Tuesday, January 15, 2013

MESSRS. K AND H ASSURE THE PUBLIC THEIR PRODUCTION WILL BE SECOND TO NONE

Sadly, I didn't get a chance to see David Chase's Not Fade Away during its run here in Des Moines.  I wanted to, of course--who wouldn't want to see the first theatrical film from the creator of The Sopranos?--but it only played here for a week, the victim of a studio that had no faith in it, destined to be just another obscure red Box rental.

Based on even the most sympathetic reviews, Not Fade Away may not have been a total triumph, but Chase's track record--again: The Sopranos--certainly suggests it would be worth seeing.  A personal film that doesn't quite work is almost always more worthwhile than an easy success.

Sadly, easy successes are pretty much the very best we can hope for when it comes to major studio releases: Toothless PG-13 horror movies, raucous comedies, big dumb action movies and endless retreads and sequels.  That they mostly can't even do these things well is beside the point.  Hollywood's blockbuster-or-nothing mentality is like a diet of nothing but frozen pizza and cheap beer.

To this day, plenty of well-informed people lay the blame for all this at the feet of Steven Spielberg and George Lucas.  The massive success of Jaws and Star Wars ushered in the era of the blockbuster, and we've been going downhill ever since.

This is nonsense, obviously.  Yeah, many producers great and small tried to chase the success of those films, much as they tried to rip-off earlier blockbusters like The Poseidon Adventure, The Godfather and The Exorcist.  You can't blame them, after all.  It's a business.  They wanted to make hits.
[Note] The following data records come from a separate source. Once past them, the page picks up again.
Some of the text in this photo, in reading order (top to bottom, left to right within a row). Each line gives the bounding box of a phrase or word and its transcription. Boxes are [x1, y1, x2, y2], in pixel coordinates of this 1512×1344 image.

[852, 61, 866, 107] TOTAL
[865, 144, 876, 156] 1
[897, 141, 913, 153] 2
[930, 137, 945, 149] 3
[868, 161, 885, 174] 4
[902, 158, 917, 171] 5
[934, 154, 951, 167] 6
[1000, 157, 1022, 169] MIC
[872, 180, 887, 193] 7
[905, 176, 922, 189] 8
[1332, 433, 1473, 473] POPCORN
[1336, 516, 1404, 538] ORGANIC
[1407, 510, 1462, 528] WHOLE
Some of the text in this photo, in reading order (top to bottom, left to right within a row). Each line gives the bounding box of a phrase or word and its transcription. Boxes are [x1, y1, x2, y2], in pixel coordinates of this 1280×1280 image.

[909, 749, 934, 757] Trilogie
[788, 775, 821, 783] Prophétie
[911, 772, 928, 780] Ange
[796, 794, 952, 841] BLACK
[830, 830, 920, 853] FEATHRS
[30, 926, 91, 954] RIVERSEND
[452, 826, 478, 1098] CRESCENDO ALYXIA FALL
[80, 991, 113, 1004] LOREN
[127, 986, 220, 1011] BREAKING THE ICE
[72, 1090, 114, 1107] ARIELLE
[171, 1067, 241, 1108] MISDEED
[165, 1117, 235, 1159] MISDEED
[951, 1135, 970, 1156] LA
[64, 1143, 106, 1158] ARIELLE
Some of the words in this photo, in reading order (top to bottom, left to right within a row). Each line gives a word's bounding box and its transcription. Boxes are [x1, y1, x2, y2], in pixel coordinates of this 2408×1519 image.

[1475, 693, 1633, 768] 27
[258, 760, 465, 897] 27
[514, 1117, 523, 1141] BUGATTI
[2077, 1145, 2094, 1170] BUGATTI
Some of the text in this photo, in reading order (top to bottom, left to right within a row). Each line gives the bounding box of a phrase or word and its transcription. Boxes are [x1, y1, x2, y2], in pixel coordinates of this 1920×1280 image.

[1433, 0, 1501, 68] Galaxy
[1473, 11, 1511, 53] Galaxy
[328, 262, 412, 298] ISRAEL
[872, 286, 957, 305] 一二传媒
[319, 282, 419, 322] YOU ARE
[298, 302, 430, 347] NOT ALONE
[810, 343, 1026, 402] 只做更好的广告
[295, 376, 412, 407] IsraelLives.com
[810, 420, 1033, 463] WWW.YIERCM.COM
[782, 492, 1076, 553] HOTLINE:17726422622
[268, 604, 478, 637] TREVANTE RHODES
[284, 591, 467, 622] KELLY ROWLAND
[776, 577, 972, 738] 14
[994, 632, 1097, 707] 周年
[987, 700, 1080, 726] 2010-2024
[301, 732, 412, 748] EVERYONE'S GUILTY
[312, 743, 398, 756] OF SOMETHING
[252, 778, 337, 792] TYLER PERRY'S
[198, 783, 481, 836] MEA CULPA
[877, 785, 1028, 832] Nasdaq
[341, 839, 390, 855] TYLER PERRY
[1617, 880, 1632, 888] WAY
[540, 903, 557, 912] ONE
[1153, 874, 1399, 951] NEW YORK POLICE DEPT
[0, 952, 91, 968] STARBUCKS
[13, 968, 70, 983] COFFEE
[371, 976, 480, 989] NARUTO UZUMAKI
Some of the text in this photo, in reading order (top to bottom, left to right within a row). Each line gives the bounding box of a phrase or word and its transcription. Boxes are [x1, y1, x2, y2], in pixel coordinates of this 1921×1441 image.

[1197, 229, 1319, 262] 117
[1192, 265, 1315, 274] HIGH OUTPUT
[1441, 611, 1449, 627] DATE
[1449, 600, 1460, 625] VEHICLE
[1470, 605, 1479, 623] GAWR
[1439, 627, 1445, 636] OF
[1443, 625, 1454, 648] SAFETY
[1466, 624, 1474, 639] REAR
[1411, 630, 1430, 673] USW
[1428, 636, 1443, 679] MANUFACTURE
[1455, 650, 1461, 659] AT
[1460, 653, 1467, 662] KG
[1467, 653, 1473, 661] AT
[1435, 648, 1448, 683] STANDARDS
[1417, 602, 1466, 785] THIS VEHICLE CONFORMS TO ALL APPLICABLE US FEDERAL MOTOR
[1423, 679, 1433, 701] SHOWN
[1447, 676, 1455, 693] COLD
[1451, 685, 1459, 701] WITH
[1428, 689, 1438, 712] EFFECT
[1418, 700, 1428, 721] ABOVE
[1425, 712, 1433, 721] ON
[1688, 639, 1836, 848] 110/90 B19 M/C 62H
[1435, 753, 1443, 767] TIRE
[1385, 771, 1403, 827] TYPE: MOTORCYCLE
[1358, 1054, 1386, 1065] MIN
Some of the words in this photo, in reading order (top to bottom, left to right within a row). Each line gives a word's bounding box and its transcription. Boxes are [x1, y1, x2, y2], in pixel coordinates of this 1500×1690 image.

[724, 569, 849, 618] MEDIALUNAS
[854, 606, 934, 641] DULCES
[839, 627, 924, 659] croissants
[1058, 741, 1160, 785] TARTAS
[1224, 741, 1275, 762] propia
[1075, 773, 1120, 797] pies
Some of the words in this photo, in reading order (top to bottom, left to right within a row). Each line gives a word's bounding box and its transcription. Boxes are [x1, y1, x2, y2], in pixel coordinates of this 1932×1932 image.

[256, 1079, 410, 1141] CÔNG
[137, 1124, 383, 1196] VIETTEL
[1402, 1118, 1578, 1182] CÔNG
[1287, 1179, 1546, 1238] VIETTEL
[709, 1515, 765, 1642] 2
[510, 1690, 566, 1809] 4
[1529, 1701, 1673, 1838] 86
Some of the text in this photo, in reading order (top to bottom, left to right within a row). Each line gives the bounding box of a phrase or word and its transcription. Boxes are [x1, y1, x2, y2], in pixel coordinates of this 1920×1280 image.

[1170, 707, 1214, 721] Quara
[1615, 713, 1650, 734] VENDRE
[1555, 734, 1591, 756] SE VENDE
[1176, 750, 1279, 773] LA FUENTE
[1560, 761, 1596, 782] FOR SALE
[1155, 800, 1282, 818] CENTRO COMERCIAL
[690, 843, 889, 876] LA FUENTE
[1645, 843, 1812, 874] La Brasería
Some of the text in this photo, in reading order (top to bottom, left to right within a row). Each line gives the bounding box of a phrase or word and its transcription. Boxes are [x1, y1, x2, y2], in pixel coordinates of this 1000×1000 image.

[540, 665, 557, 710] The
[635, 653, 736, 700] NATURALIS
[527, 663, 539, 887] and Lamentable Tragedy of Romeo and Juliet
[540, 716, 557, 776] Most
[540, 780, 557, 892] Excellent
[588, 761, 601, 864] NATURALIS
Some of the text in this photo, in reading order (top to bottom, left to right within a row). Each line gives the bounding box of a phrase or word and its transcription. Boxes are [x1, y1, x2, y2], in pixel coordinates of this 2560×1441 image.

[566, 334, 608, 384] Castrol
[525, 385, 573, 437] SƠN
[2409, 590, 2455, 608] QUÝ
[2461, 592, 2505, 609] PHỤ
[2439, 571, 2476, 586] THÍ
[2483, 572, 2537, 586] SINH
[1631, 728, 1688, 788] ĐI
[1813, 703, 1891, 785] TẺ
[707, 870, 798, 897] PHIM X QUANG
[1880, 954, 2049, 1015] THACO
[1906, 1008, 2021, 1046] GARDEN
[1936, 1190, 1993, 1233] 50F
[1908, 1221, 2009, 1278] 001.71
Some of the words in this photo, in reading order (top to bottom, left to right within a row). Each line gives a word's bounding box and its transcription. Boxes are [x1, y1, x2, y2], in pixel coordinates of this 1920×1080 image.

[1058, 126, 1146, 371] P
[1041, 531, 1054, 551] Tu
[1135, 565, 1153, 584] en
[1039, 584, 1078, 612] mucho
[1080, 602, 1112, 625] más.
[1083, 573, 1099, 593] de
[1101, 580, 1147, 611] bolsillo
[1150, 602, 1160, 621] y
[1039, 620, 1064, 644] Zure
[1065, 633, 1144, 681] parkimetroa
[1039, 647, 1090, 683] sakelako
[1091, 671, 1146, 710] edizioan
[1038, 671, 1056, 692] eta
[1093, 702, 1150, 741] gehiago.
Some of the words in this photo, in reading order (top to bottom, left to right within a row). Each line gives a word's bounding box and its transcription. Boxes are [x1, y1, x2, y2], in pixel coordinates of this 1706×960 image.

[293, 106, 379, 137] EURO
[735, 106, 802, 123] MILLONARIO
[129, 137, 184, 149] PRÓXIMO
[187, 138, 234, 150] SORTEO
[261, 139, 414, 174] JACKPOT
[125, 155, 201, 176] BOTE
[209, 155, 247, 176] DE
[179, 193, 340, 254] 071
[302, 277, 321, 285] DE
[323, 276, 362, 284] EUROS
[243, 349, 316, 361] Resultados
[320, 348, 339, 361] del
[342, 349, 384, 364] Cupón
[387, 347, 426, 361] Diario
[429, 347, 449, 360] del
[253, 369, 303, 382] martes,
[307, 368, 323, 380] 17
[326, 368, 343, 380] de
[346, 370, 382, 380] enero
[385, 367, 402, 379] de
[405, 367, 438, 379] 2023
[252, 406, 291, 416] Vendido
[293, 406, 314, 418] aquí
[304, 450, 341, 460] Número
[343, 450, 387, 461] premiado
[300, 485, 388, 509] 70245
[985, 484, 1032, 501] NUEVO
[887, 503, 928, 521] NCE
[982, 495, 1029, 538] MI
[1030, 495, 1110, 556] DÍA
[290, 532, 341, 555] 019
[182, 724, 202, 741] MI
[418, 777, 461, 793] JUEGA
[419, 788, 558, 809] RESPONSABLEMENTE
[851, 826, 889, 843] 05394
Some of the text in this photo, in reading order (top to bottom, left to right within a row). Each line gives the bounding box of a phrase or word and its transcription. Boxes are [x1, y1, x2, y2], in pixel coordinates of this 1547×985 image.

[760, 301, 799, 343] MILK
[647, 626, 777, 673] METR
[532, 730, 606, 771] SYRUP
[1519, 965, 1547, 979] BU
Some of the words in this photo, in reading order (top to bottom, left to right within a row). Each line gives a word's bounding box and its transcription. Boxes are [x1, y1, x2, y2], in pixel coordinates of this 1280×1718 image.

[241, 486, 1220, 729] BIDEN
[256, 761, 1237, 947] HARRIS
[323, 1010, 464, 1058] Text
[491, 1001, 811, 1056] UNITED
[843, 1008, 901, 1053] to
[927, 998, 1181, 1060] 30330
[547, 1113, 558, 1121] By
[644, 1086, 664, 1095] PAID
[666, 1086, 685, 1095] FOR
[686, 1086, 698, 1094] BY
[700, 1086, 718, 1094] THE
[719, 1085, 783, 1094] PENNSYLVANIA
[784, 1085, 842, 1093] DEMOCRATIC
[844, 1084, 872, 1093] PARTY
But that wasn't all they wanted.  The studios were perfectly content to produce and release mid-level, mid-budget movies that weren't designed to be blockbusters.  Since there wasn't much at stake, they could afford to take chances.  Consider something like The Elephant Man: On one hand, as Oscar-bait inspiring story about overcoming physical deformity.  On the other hand, Paramount Pictures entrusted this story to David Lynch--whose only feature at that point was Eraserhead, for God's sake--and was perfectly okay with his decision to shoot it in black-and-white, to make it as weird as he wanted.  And it paid off: Not a runaway smash, but a solid hit.

 Of course, that was when Paramount was an actual studio, as opposed to being merely one vertically-integrated content provider for the Viacom organization.  Throughout the eighties and nineties, studios increasingly became slaves to their corporate masters, and the people making creative decisions came from the world of business, not art.  This explains a lot of the problems with movies today, but not all of them.

I think the real turning point was the TV debut of Entertainment Tonight in 1981, followed quickly by the print debut of USA Today the following year.  This marked the first time weekly rankings of the top-grossing movies became available to the general public.  Suddenly there was a horse race quality to judging the week's new releases.  Will Movie X succeed?  Will Movie Y recoup its massive production costs?  Nobody but Hollywood insiders cared about this previously, but now it was a thing.  Whereas once something like Howard The Duck would have failed and disappeared, now we could read just how much it cost and how much it lost.

The studios, now aware that people were watching, decided they damn well weren't going to take chances anymore.  They commissioned increasing amounts of polling data, and soon organizations like Cinemascore were asking viewers for snap judgements on movies they'd just seen, a practice that didn't exactly encourage nuanced opinion.  (The Sorrow And The Pity--thumbs up or down?)

All this, plus the rise of drooling fanboy websites like Ain'tItCoolNews and review aggregate sites like Rotten Tomatoes, has changed the very way movies are perceived.  Consider the recent case of Killing Them Softly.  While it has flaws--director Andrew Dominik occasionally strains too hard for significance, and some of his musical choices are thuddingly ironic--it's mostly a very faithful adaptation of a terrific George V. Higgins novel, impeccably made and showcasing an ace cast.  And yet upon its release, the only stories written about it stressed its low grosses and Cinemascore rating of F.  As if this movie was made to be a blockbuster!

A similar story played out in the press over the "disappointing" audience reaction to This Is 40.  Whatever artistic ambition the film may have had is beside the point.  It's not making money, and that's all you need to know about it.  In that sense, Not Fade Away was lucky--it was so low profile, there weren't even any stories proclaiming it a flop.

It used to be an insult when a movie was described as feeling like a TV show.  But I hope the next thing David Chase does is for television.  The movies don't deserve him.